▶ [Task to carry out]: Each line below is to be repeated exactly; any picture is to be left out.

▶ [Material for this exercise]:
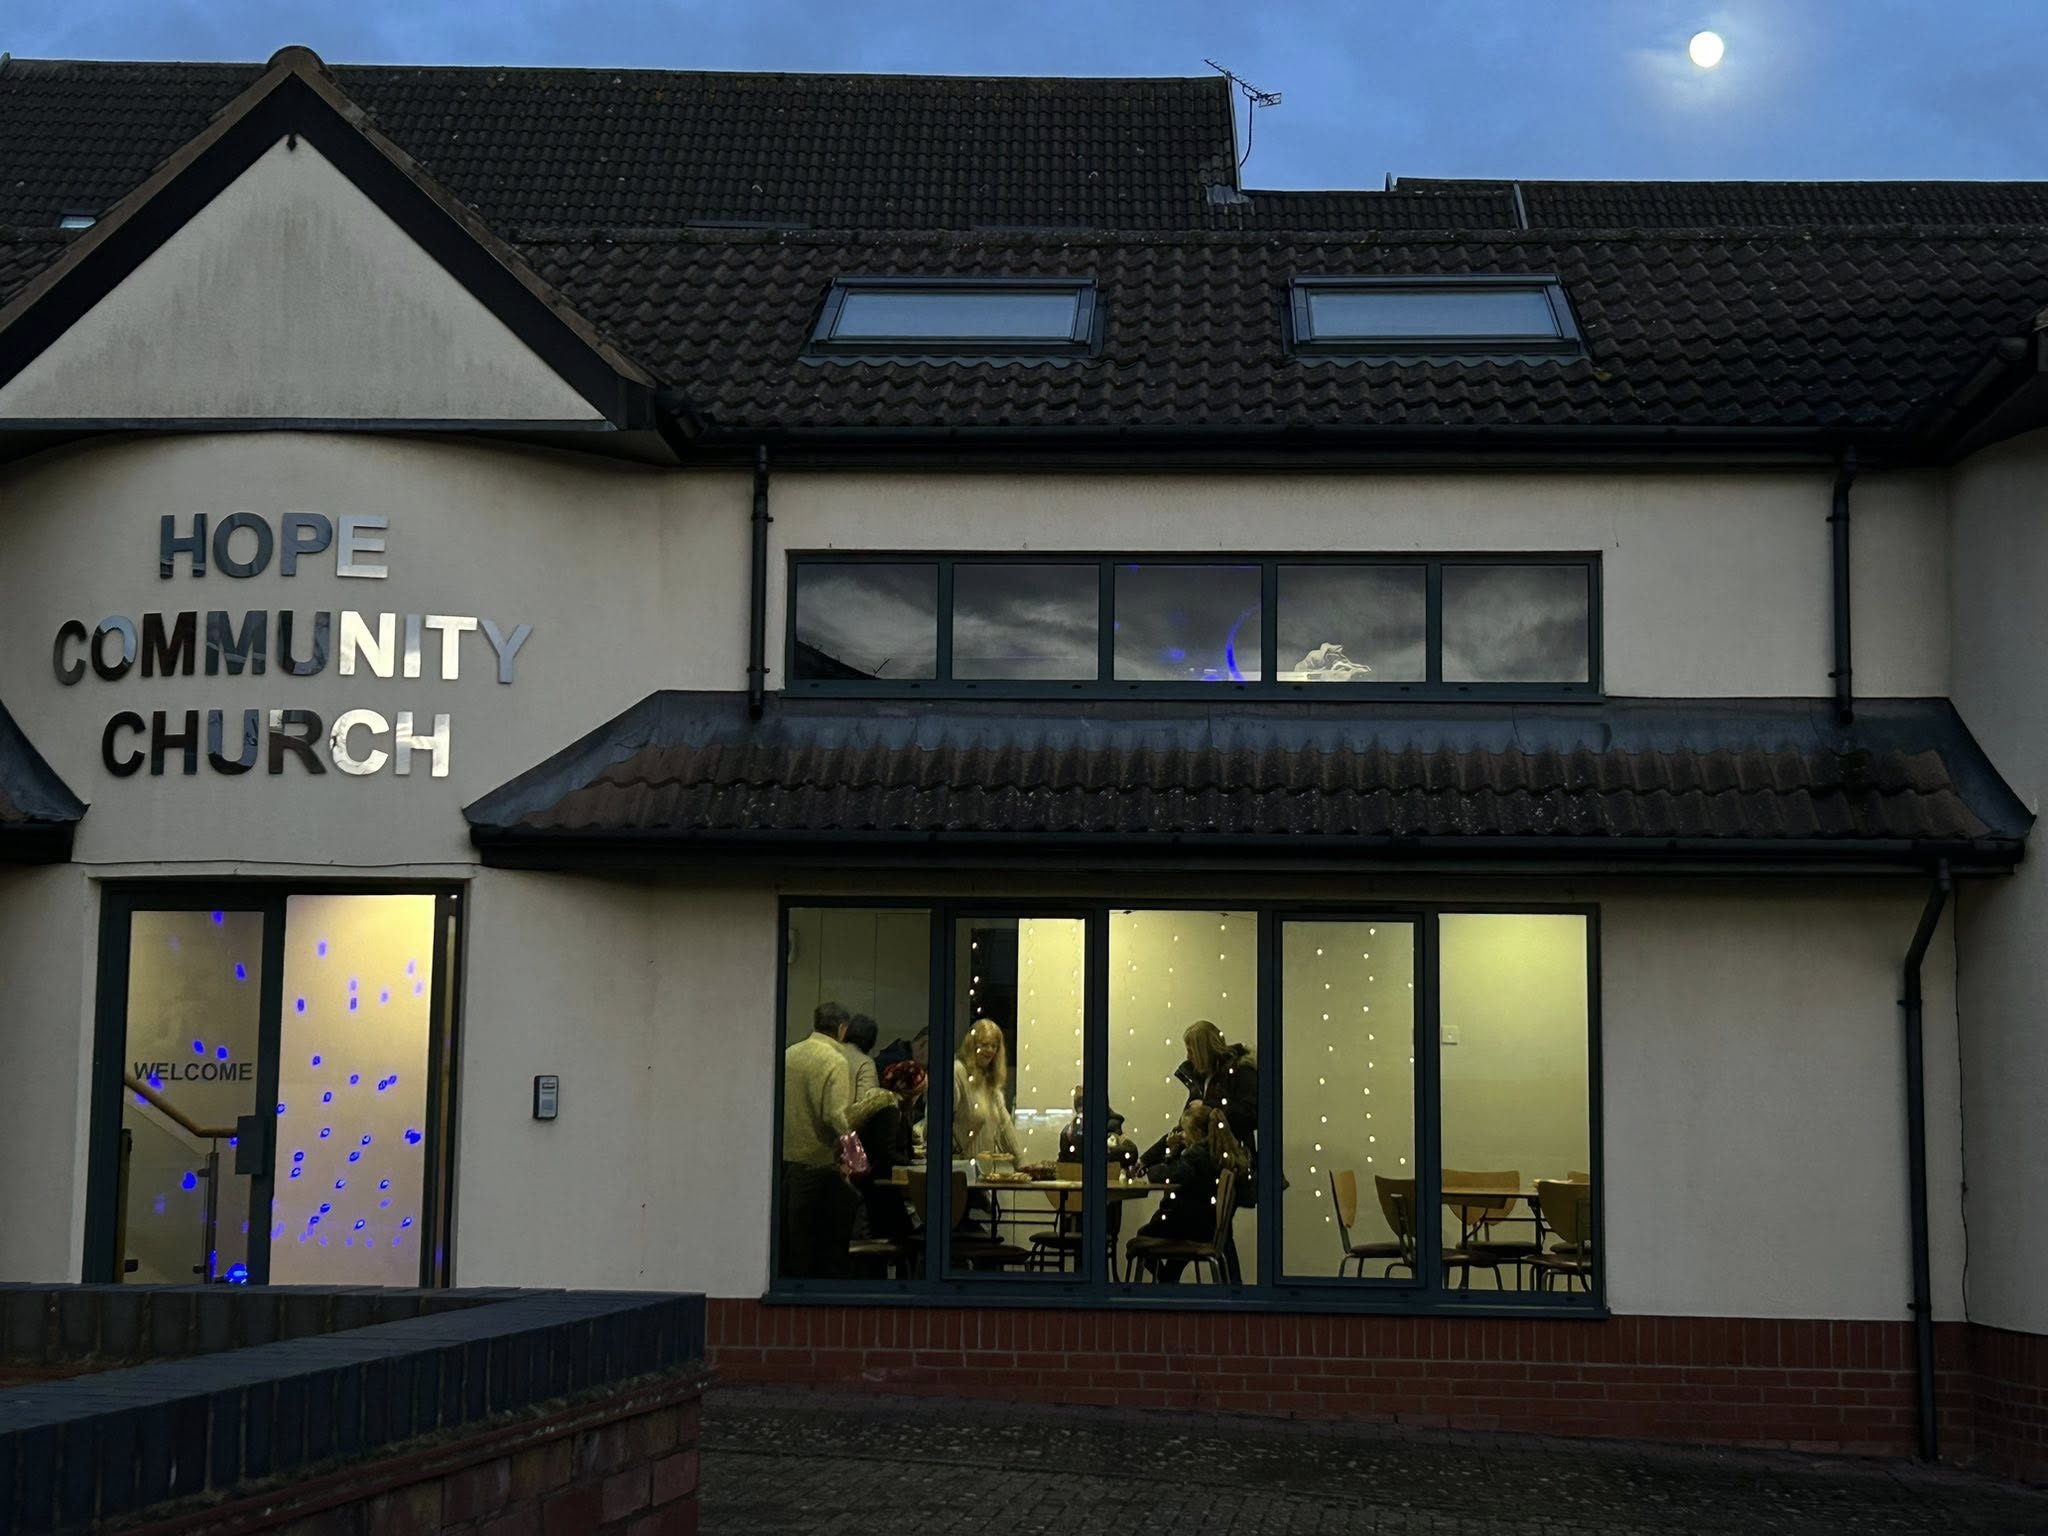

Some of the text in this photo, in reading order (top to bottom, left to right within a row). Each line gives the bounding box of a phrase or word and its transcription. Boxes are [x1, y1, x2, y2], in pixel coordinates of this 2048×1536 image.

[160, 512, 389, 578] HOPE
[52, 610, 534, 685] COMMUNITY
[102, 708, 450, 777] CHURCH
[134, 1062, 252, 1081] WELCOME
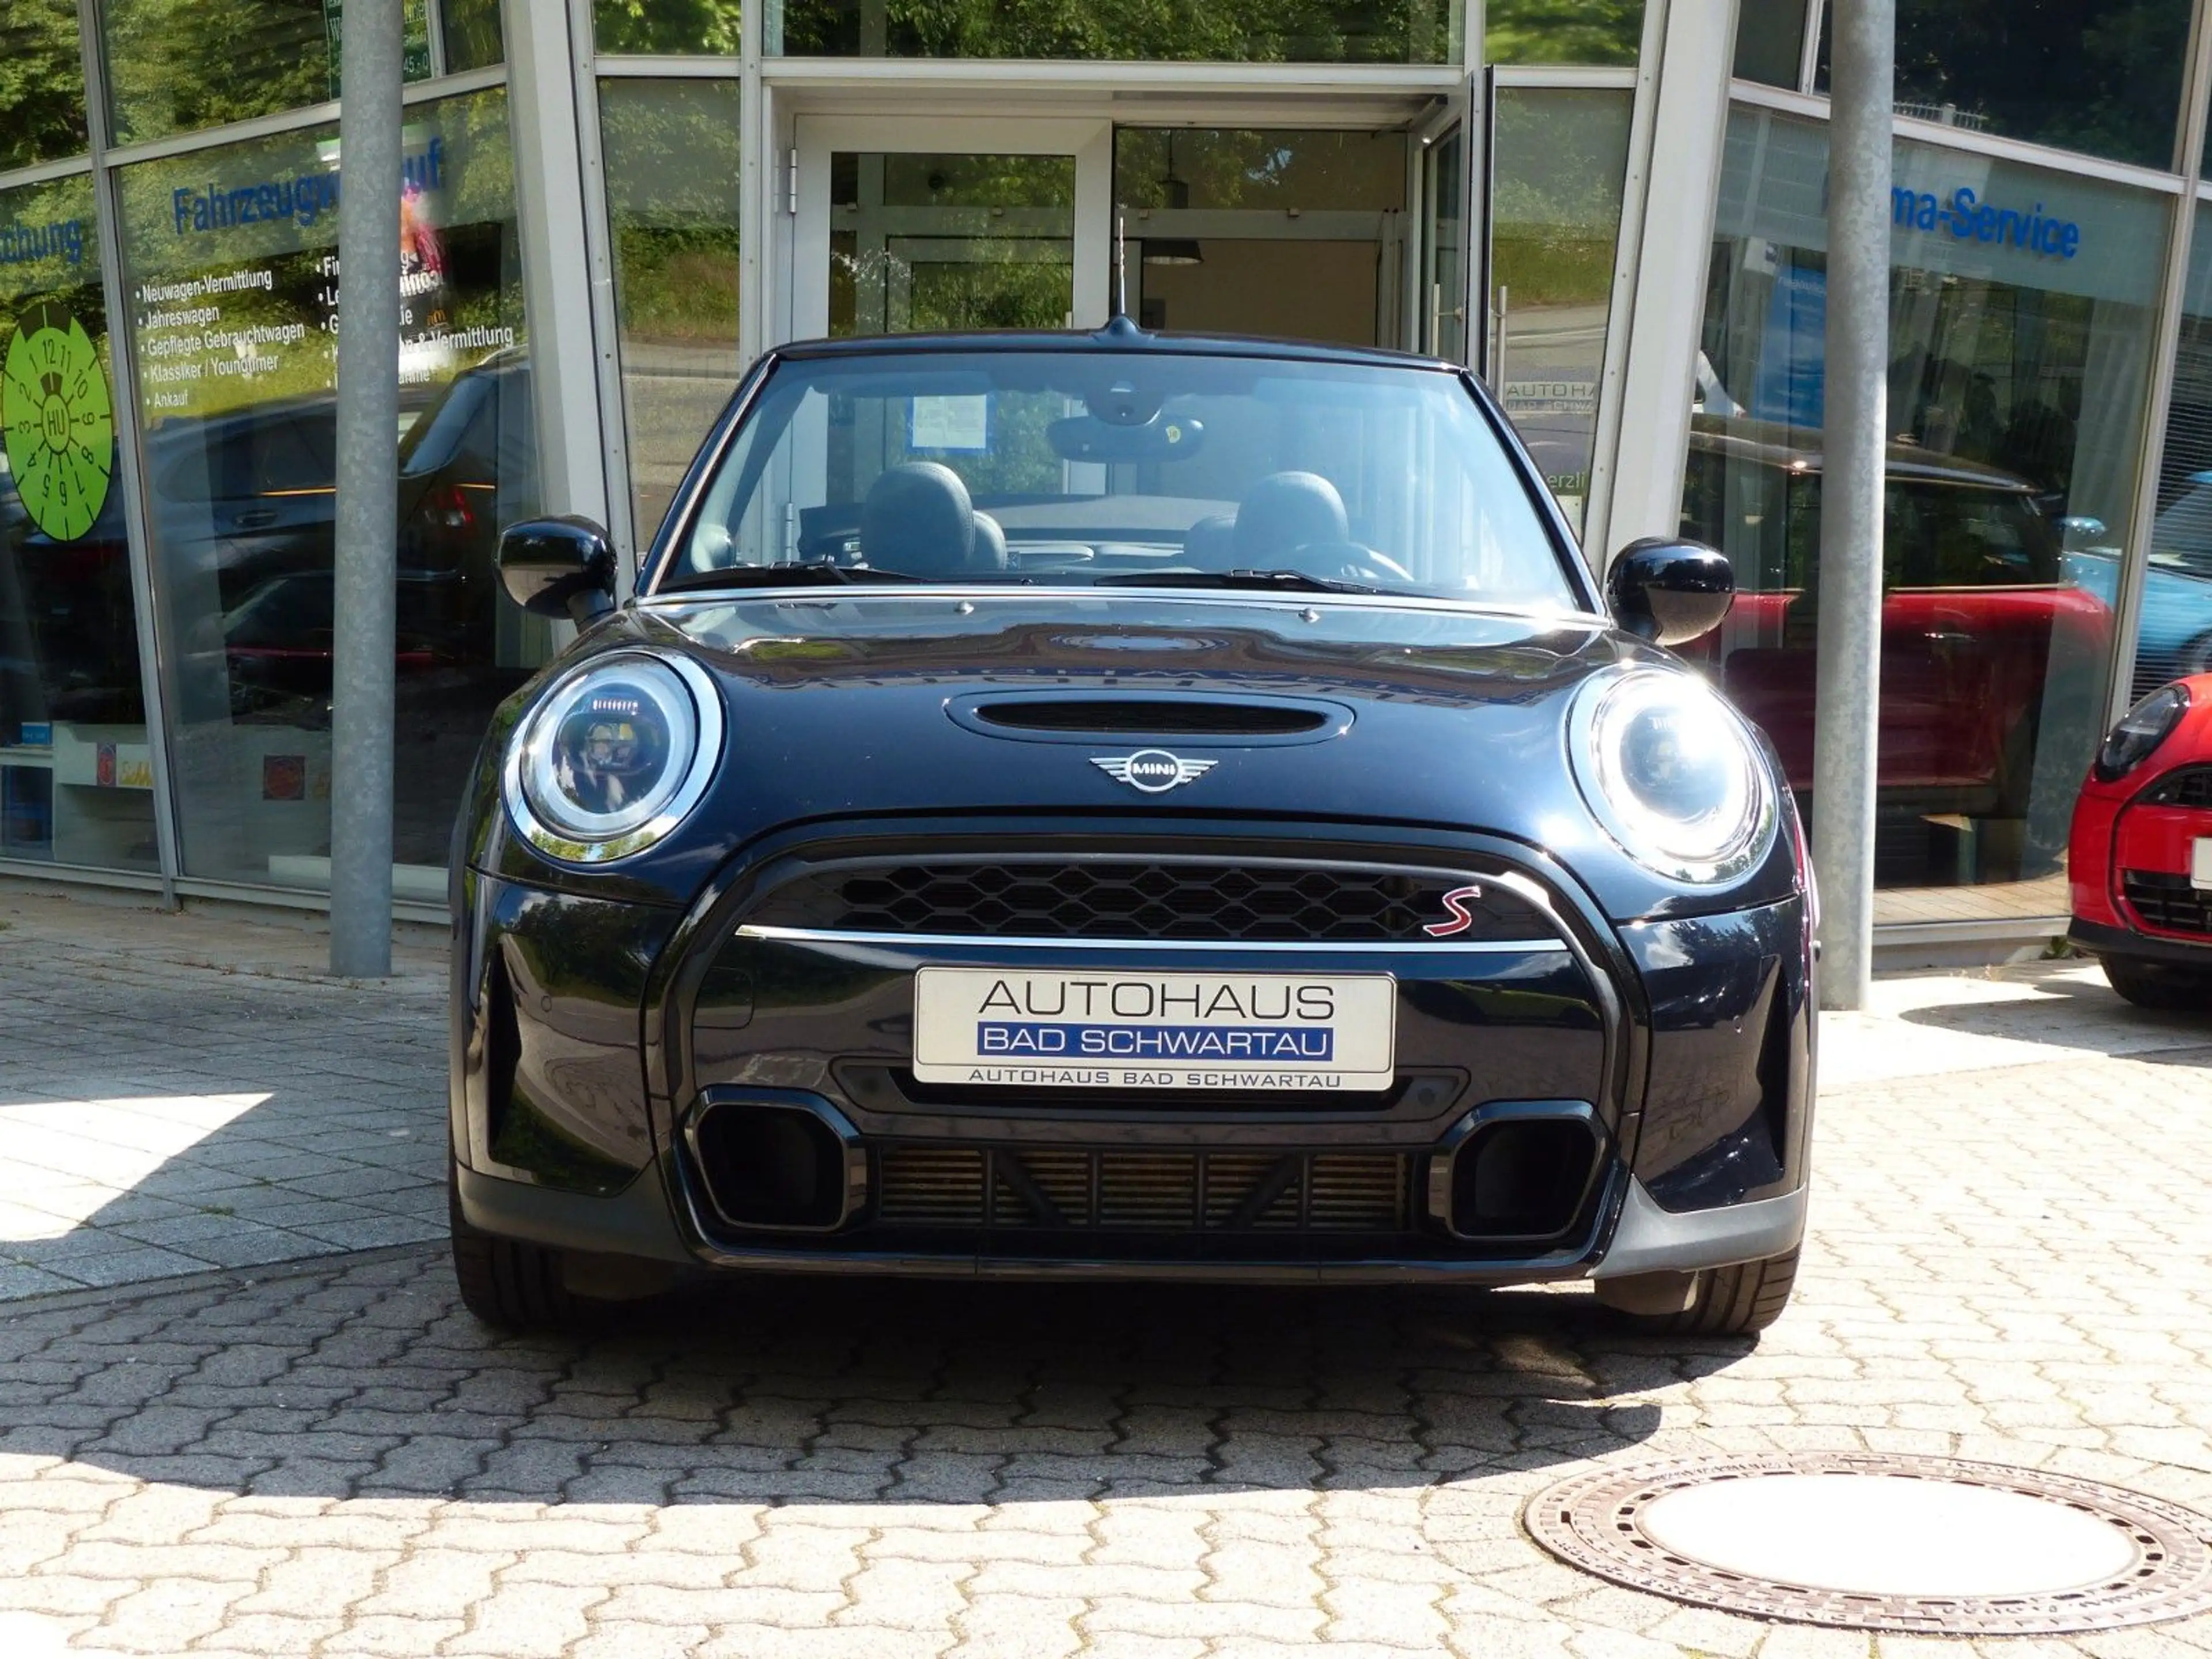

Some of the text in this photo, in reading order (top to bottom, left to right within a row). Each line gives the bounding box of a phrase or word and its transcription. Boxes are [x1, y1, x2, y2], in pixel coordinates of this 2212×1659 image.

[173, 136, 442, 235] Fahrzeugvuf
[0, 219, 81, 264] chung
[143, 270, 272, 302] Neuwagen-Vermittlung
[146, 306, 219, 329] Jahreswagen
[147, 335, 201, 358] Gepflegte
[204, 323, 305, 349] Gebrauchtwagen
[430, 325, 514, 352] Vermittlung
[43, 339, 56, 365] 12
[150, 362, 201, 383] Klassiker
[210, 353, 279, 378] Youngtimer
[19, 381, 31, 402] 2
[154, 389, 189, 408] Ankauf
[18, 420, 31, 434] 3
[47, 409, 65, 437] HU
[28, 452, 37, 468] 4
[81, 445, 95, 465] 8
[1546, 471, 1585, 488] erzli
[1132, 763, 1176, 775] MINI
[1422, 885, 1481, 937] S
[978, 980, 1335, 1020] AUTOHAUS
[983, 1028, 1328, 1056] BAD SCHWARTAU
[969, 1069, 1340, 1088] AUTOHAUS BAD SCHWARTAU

▶ [Solution]:
Some of the text in this photo, in reading order (top to bottom, left to right within a row). Each line gives the bounding box of a phrase or word and its transcription. Boxes are [x1, y1, x2, y2], in pixel coordinates of this 2048×1536 image.

[160, 512, 389, 578] HOPE
[52, 610, 534, 685] COMMUNITY
[102, 708, 450, 777] CHURCH
[134, 1062, 252, 1081] WELCOME

Some of the text in this photo, in reading order (top to bottom, left to right within a row). Each line gives the bounding box of a phrase or word and its transcription. Boxes are [x1, y1, x2, y2], in pixel coordinates of this 2212×1659 image.

[173, 136, 442, 235] Fahrzeugvuf
[0, 219, 81, 264] chung
[143, 270, 272, 302] Neuwagen-Vermittlung
[146, 306, 219, 329] Jahreswagen
[147, 335, 201, 358] Gepflegte
[204, 323, 305, 349] Gebrauchtwagen
[430, 325, 514, 352] Vermittlung
[43, 339, 56, 365] 12
[150, 362, 201, 383] Klassiker
[210, 353, 279, 378] Youngtimer
[19, 381, 31, 402] 2
[154, 389, 189, 408] Ankauf
[18, 420, 31, 434] 3
[47, 409, 65, 437] HU
[28, 452, 37, 468] 4
[81, 445, 95, 465] 8
[1546, 471, 1585, 488] erzli
[1132, 763, 1176, 775] MINI
[1422, 885, 1481, 937] S
[978, 980, 1335, 1020] AUTOHAUS
[983, 1028, 1328, 1056] BAD SCHWARTAU
[969, 1069, 1340, 1088] AUTOHAUS BAD SCHWARTAU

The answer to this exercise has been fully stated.